• Européisme : le syndrôme José Bové

    Pour ceux qui ne le savent pas, après ses 2% de la campagne présidentielle de 2007, José Bové ne s'en est pas retourné élever ses brebis dans son Larzac chéri. Non, il a plutôt préféré devenir euro-député pour porter haut et fort la parole du des français, ce peuple qui avait osé défier les élités européennes en votant non au référendum sur le TCE.

    Et maintenant, son meilleur copain, c'est Cohn-Bendit explique Pascal Durand, le patron d’Europe Ecologie - Les Verts (EE-LV) : "José de son côté, par ses discussions avec Dany a compris ce fonctionnement par étapes.» Plus question donc de s'opposer à l'avancée de la construction européenne. Il appelle à voter oui au pacte budgétaire : "L’abstention, c’est pour les faux-culs.

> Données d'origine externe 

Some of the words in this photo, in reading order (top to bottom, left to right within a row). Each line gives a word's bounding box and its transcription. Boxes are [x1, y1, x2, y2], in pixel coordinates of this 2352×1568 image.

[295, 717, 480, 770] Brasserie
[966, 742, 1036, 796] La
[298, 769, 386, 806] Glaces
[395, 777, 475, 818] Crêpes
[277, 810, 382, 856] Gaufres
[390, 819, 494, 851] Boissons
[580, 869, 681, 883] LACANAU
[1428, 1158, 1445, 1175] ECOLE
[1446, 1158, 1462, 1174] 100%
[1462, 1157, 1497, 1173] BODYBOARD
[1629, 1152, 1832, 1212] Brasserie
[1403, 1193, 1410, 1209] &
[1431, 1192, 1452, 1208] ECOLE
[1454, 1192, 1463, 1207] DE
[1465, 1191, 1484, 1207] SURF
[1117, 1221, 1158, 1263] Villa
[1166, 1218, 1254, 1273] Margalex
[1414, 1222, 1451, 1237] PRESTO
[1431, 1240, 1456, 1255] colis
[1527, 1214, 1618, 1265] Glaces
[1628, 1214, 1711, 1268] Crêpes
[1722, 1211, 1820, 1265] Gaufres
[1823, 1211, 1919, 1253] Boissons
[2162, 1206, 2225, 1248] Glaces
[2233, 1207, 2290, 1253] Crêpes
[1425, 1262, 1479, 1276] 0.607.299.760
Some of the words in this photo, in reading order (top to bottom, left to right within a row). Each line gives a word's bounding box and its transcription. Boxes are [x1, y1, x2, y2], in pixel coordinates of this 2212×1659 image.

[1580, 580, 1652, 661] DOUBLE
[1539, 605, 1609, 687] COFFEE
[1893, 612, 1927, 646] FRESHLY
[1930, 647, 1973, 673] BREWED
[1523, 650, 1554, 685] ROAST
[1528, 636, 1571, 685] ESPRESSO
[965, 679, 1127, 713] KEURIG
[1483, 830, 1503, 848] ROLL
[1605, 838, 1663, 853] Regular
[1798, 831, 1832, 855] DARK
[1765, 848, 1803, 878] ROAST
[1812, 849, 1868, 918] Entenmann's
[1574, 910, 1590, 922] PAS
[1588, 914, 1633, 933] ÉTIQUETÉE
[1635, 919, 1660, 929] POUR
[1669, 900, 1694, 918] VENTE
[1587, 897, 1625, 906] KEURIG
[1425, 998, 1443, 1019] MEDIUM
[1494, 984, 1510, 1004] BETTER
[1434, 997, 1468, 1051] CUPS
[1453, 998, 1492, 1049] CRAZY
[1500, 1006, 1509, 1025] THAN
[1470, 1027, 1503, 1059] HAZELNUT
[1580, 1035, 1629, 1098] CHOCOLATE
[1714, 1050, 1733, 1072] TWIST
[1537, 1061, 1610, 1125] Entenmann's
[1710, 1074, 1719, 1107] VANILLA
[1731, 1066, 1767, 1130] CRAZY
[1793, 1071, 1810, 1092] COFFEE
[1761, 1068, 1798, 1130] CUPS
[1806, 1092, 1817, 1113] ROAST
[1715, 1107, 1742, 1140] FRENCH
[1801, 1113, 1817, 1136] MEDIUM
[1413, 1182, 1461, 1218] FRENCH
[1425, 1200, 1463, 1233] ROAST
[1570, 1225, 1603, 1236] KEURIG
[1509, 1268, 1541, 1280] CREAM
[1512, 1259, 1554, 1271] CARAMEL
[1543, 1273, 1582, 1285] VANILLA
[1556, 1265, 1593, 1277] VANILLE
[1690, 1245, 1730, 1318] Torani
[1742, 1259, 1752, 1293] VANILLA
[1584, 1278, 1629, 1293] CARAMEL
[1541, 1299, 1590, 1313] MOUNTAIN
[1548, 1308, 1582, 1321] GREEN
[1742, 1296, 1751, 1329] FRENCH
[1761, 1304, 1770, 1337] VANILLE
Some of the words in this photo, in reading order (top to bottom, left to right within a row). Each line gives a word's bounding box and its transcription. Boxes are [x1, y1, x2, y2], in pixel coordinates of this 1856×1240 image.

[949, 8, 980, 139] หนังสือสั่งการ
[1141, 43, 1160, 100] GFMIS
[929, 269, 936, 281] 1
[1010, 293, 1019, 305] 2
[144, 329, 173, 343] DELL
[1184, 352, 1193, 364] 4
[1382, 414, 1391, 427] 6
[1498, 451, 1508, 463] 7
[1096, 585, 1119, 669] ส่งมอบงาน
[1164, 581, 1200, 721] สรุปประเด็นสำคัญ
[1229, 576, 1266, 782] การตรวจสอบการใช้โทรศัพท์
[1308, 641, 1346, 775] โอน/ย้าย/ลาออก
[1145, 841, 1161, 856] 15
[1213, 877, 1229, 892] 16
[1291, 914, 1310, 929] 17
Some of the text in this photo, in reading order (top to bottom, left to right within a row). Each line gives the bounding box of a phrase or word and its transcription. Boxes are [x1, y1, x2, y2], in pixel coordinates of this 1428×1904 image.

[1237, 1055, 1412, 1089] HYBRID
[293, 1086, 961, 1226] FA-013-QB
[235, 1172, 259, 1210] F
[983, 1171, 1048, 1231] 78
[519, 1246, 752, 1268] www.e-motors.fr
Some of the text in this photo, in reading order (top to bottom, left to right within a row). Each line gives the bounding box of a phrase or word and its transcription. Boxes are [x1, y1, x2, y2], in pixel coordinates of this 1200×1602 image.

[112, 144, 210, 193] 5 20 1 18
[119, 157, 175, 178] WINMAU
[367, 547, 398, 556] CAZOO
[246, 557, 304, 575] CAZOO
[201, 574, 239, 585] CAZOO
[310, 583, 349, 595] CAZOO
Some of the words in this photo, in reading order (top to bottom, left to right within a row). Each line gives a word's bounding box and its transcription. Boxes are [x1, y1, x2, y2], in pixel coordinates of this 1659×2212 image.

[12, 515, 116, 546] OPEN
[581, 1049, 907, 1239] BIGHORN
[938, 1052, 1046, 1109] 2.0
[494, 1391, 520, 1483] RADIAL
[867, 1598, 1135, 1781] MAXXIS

Même si ce traité n’est pas la panacée, ne pas vouloir faire ce petit pas qui mène vers une mutualisation des dettes publiques, ce n’est pas bon.»

    Dans ta gueule la France du non !

    C'est ce qui arrive lorsqu'un faible d'esprit et de conviction débarque de sa province nationale dans le grand monde européen : impressionné par le beau monde, flatté de lui appartenir, il fut retourné comme une crêpe, d'autant plus que le niveau européen, si distant, permet à nos représentants de s'échapper de la pression amicale des peuples nationaux.

    Il ne faut pas trop en vouloir à ce tout frais converti à l'européisme, il n'est que le syndrôme d'un mal plus général : la capture du pouvoir par les élites européennes émancipées des peuples nationaux.